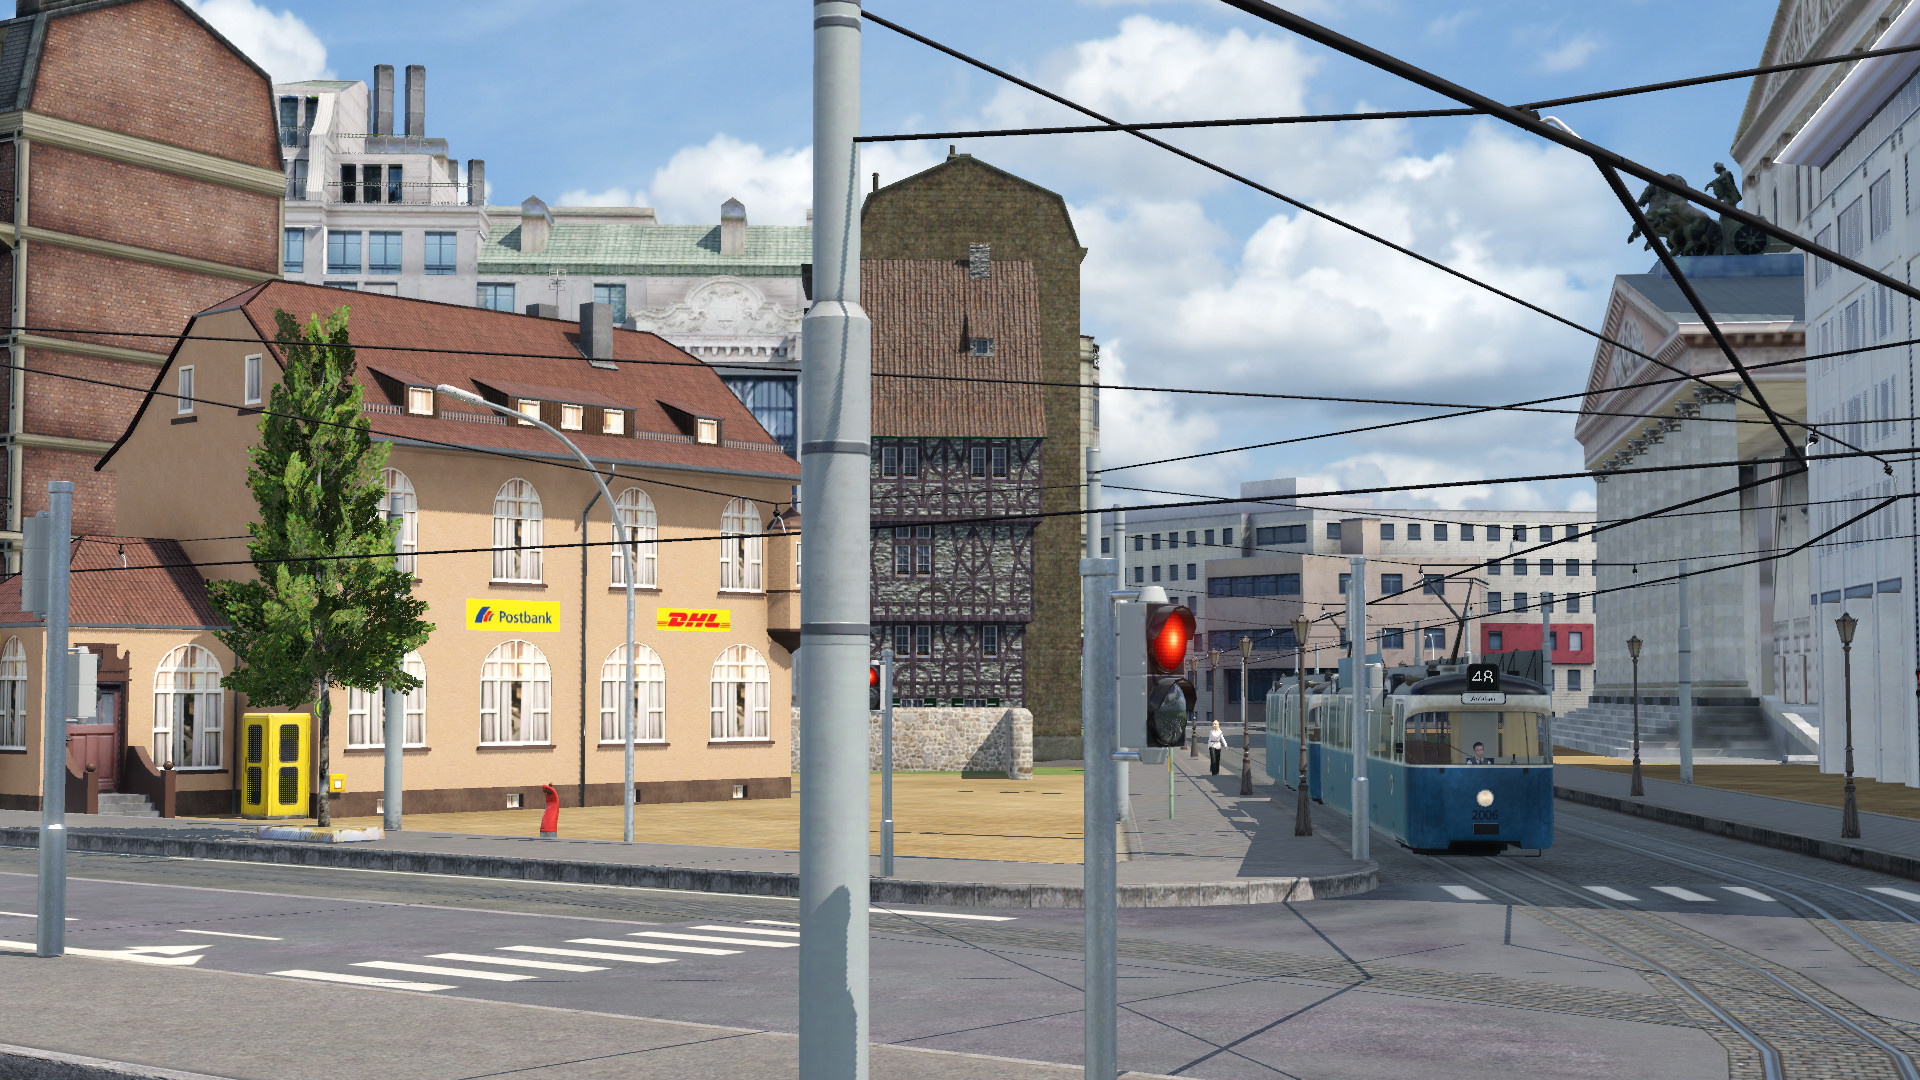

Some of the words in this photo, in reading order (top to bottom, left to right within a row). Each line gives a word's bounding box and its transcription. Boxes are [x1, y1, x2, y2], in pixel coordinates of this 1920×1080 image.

[499, 610, 552, 625] Postbank
[668, 612, 721, 628] DHL
[1471, 669, 1494, 684] 48
[1472, 809, 1499, 821] 2006

——

**What you will do:**
Go through the entries and retype them exactly, except for the images.

**Exercise output:**
Some of the words in this photo, in reading order (top to bottom, left to right within a row). Each line gives a word's bounding box and its transcription. Boxes are [x1, y1, x2, y2], in pixel coordinates of this 1920×1080 image.

[499, 610, 552, 625] Postbank
[668, 612, 721, 628] DHL
[1471, 669, 1494, 684] 48
[1472, 809, 1499, 821] 2006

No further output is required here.